(Image-backed grounding data)
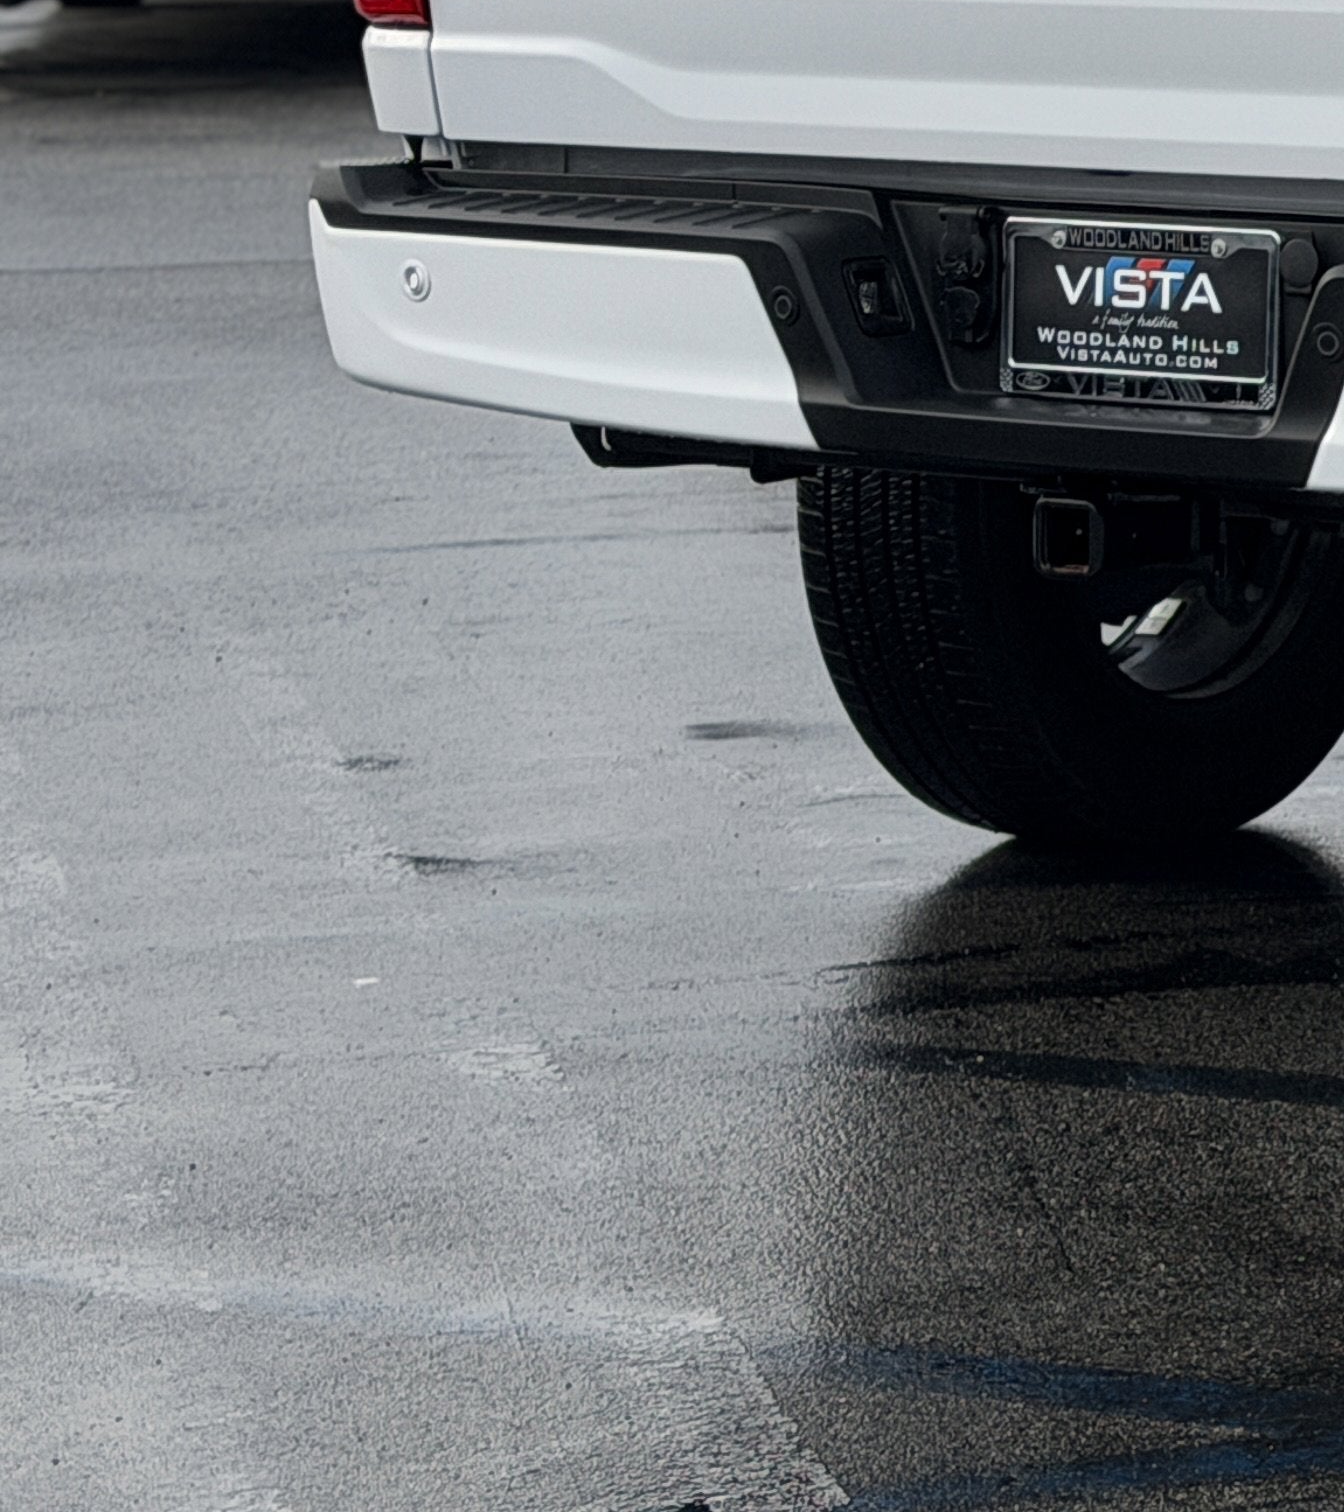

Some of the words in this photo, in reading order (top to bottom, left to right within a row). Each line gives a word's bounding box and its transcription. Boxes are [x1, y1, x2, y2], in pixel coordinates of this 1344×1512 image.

[1069, 228, 1162, 251] WOODLAND
[1164, 236, 1210, 252] HILLS
[1055, 264, 1223, 314] VISTA
[1037, 326, 1163, 350] WOODLAND
[1172, 335, 1239, 354] HILLS
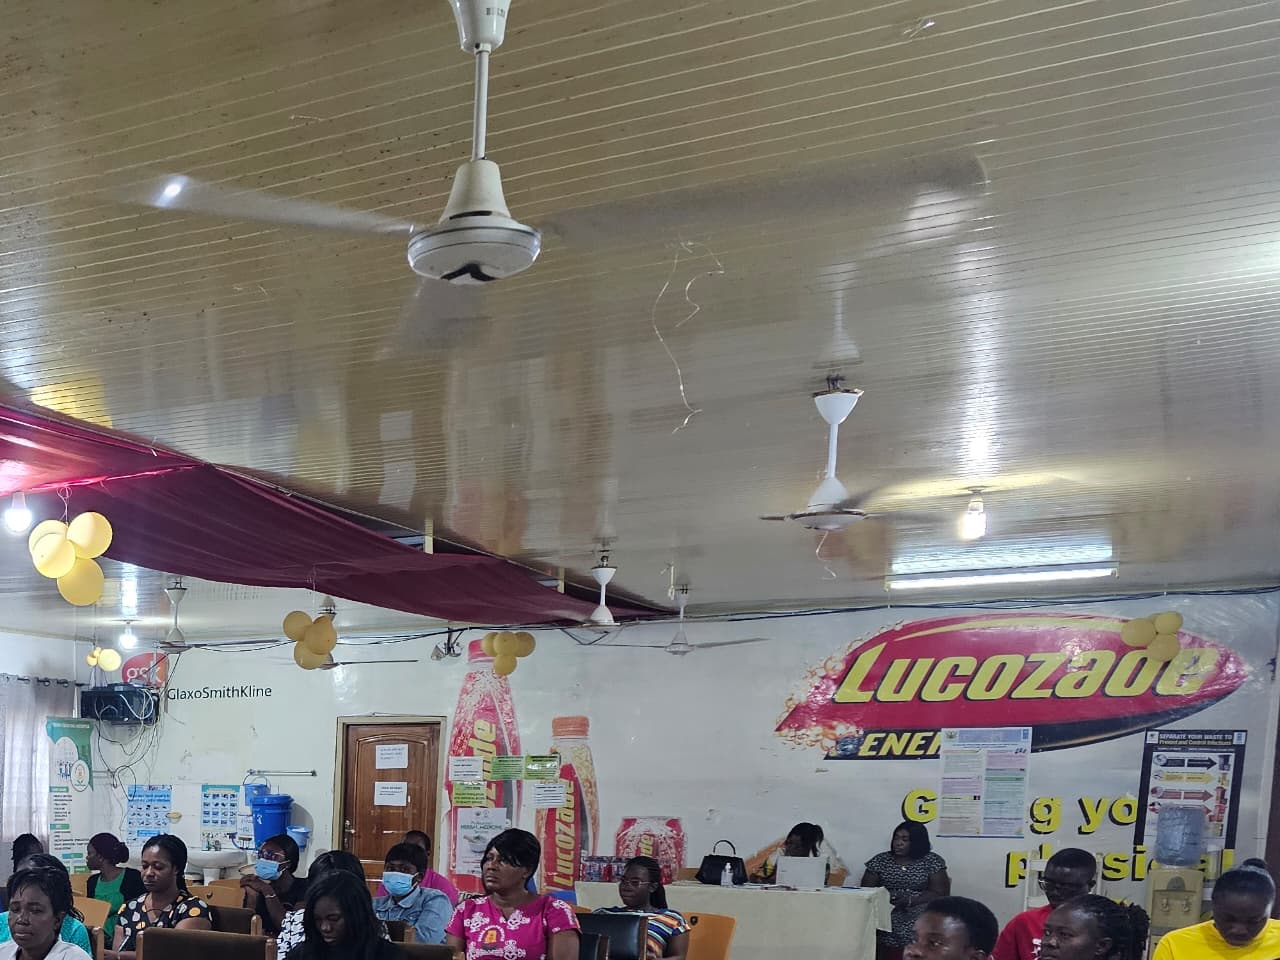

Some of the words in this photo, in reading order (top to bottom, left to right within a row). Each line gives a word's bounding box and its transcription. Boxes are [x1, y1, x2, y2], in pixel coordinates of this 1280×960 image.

[833, 641, 1220, 703] Lucozade
[167, 685, 272, 700] GlaxoSmithKline
[1078, 795, 1139, 835] yo
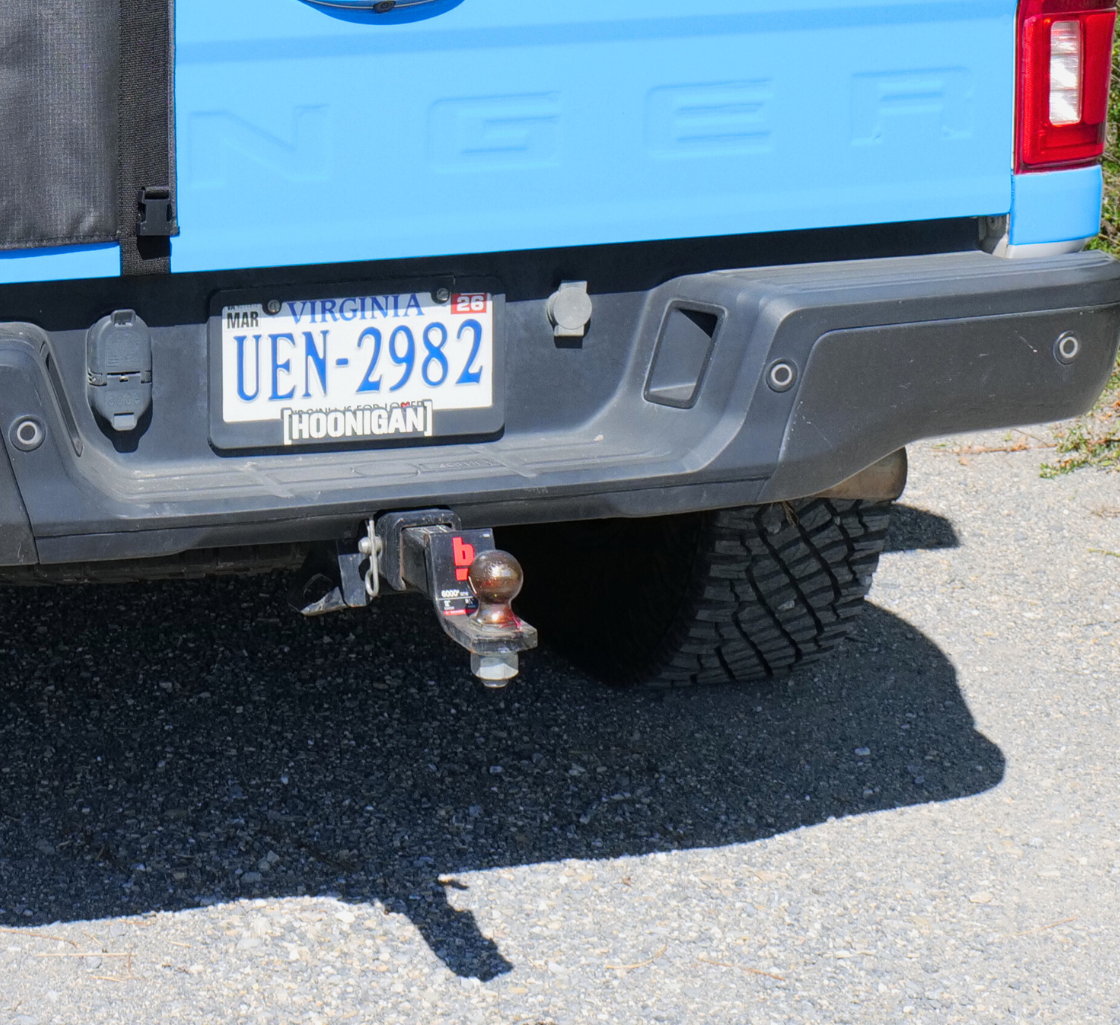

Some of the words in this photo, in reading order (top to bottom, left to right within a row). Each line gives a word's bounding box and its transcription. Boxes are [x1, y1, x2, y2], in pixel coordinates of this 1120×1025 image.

[286, 292, 425, 324] VIRGINIA
[456, 295, 484, 312] 26
[226, 311, 259, 329] MAR
[233, 319, 484, 402] UEN-2982
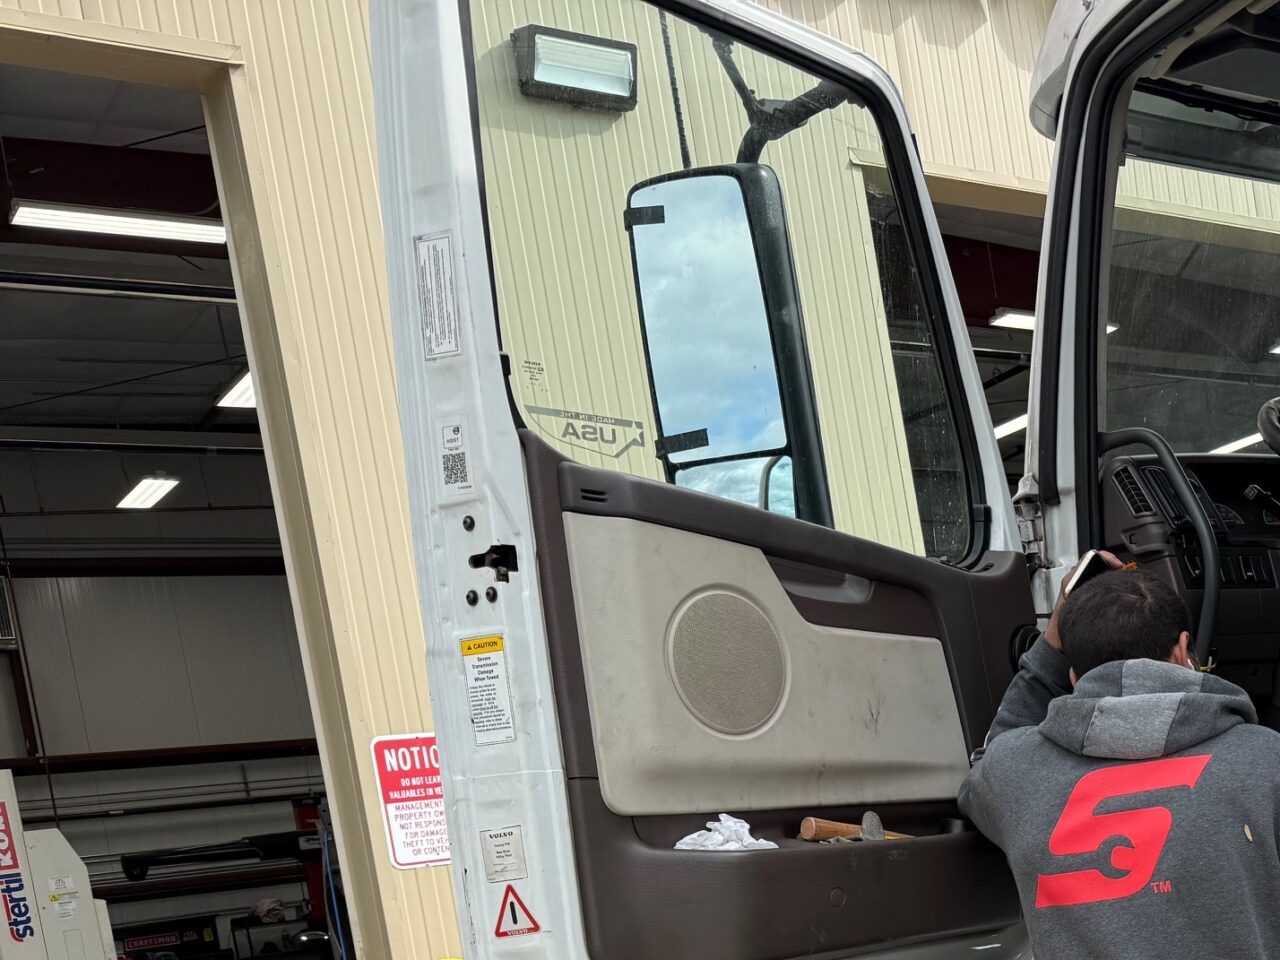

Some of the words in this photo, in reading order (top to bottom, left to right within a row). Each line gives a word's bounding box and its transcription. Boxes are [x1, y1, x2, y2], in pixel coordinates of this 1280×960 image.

[473, 640, 498, 650] CAUTION
[472, 661, 498, 670] Transmission
[400, 778, 410, 787] DO
[412, 776, 424, 786] NOT
[388, 788, 426, 799] VALUABLES
[426, 787, 434, 796] IN
[394, 811, 432, 822] PROPERTY
[399, 822, 413, 830] NOT
[488, 831, 514, 839] VOLVO
[403, 839, 425, 848] THEFT
[426, 838, 434, 846] TO
[412, 848, 422, 856] OR
[1151, 880, 1172, 894] TM
[0, 872, 34, 942] stertil
[507, 928, 529, 936] VOLVO
[127, 934, 177, 949] CRAFTSMAN
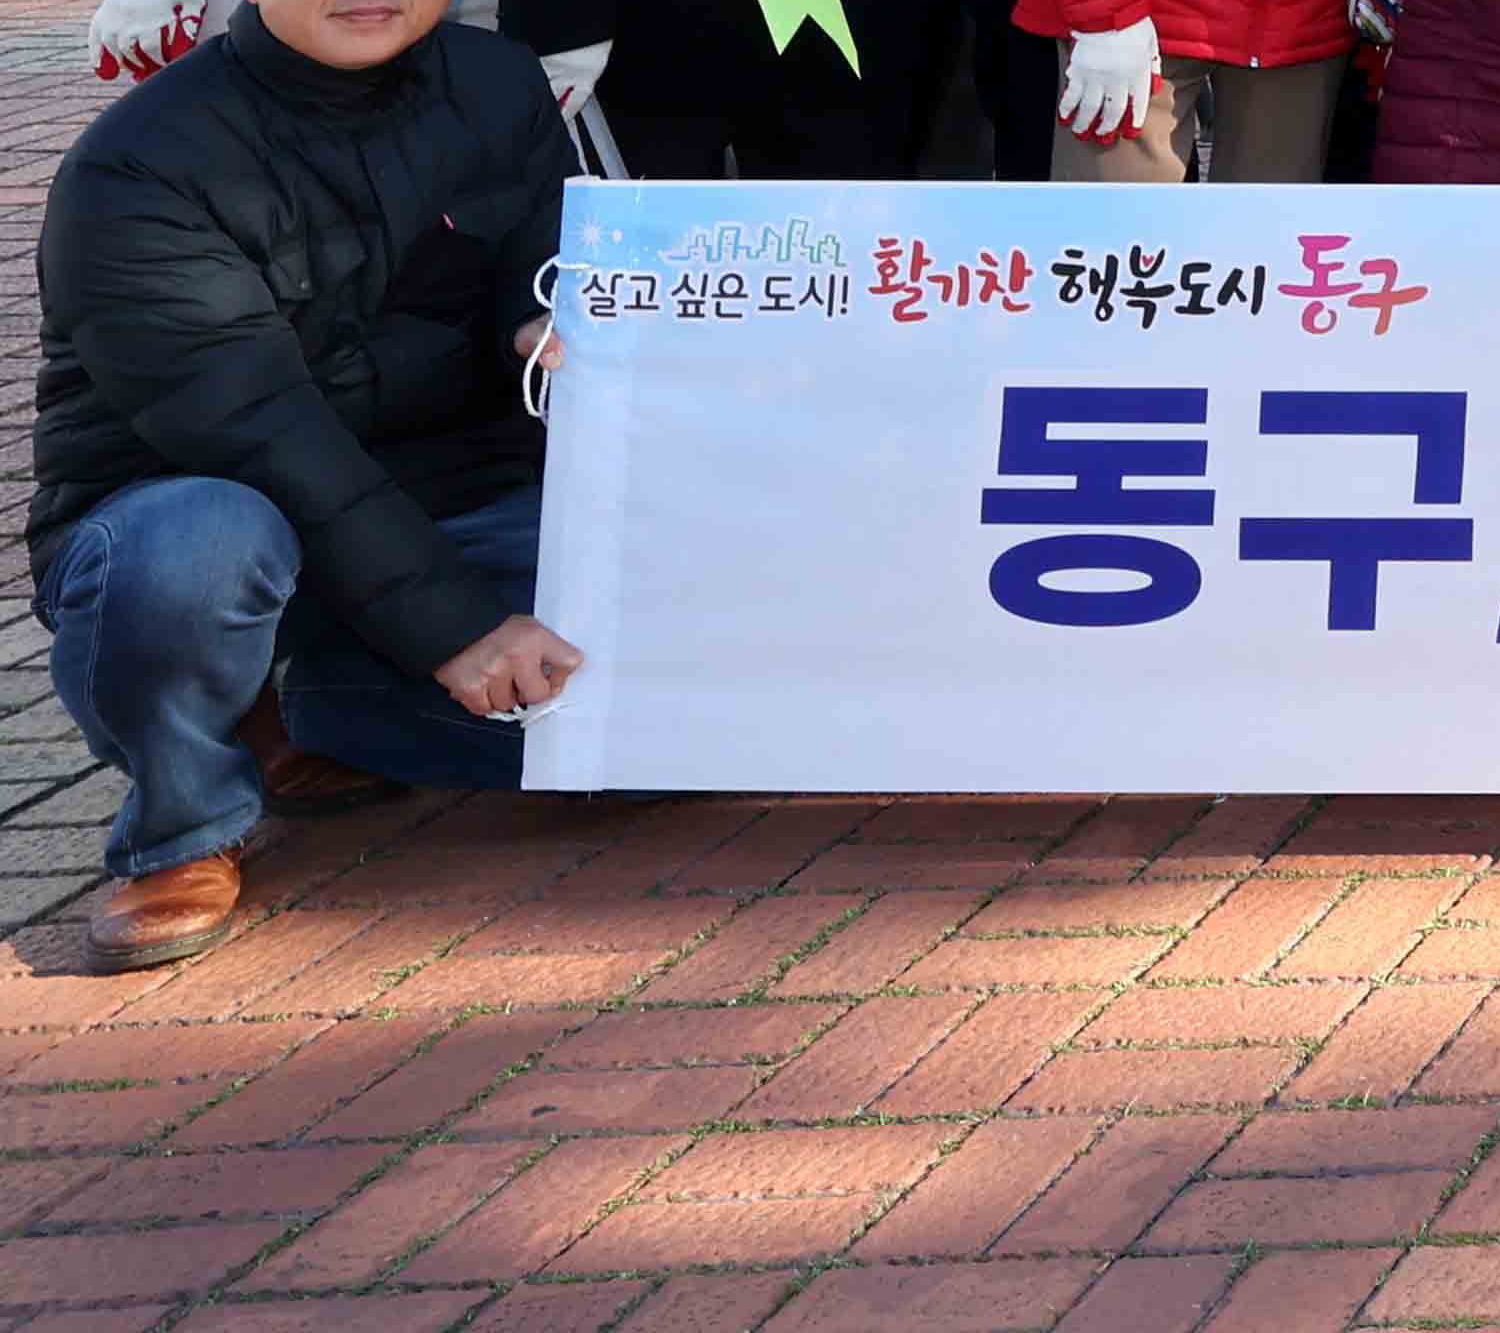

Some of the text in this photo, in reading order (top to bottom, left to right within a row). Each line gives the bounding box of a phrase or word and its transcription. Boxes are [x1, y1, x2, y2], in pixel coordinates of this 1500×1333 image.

Task details: Reproduce the records above word for word, without the images.

Written answer:
Some of the words in this photo, in reading order (top to bottom, left to right within a row). Each line gives a word's bounding box and its transcription. Boxes are [x1, y1, x2, y2], in pixel coordinates of this 1344×1512 image.

[1069, 228, 1162, 251] WOODLAND
[1164, 236, 1210, 252] HILLS
[1055, 264, 1223, 314] VISTA
[1037, 326, 1163, 350] WOODLAND
[1172, 335, 1239, 354] HILLS

Some of the words in this photo, in reading order (top to bottom, left to right within a row). Each line gives a word's bounding box and its transcription. Boxes are [x1, y1, x2, y2], in pixel coordinates of this 1280×960 image.

[833, 641, 1220, 703] Lucozade
[167, 685, 272, 700] GlaxoSmithKline
[1078, 795, 1139, 835] yo

Some of the words in this photo, in reading order (top to bottom, left to right within a row). Each line gives a word's bounding box and its transcription. Boxes are [x1, y1, x2, y2], in pixel coordinates of this 1120×1025 image.

[286, 292, 425, 324] VIRGINIA
[456, 295, 484, 312] 26
[226, 311, 259, 329] MAR
[233, 319, 484, 402] UEN-2982

Some of the words in this photo, in reading order (top to bottom, left to right within a row). Each line gives a word's bounding box and its transcription. Boxes are [x1, y1, x2, y2], in pixel coordinates of this 1280×960 image.

[473, 640, 498, 650] CAUTION
[472, 661, 498, 670] Transmission
[400, 778, 410, 787] DO
[412, 776, 424, 786] NOT
[388, 788, 426, 799] VALUABLES
[426, 787, 434, 796] IN
[394, 811, 432, 822] PROPERTY
[399, 822, 413, 830] NOT
[488, 831, 514, 839] VOLVO
[403, 839, 425, 848] THEFT
[426, 838, 434, 846] TO
[412, 848, 422, 856] OR
[1151, 880, 1172, 894] TM
[0, 872, 34, 942] stertil
[507, 928, 529, 936] VOLVO
[127, 934, 177, 949] CRAFTSMAN

Some of the text in this photo, in reading order (top to bottom, left to right within a row). Each line gives the bounding box of a phrase or word and its transcription. Boxes are [x1, y1, x2, y2], in pixel coordinates of this 1500×1333 image.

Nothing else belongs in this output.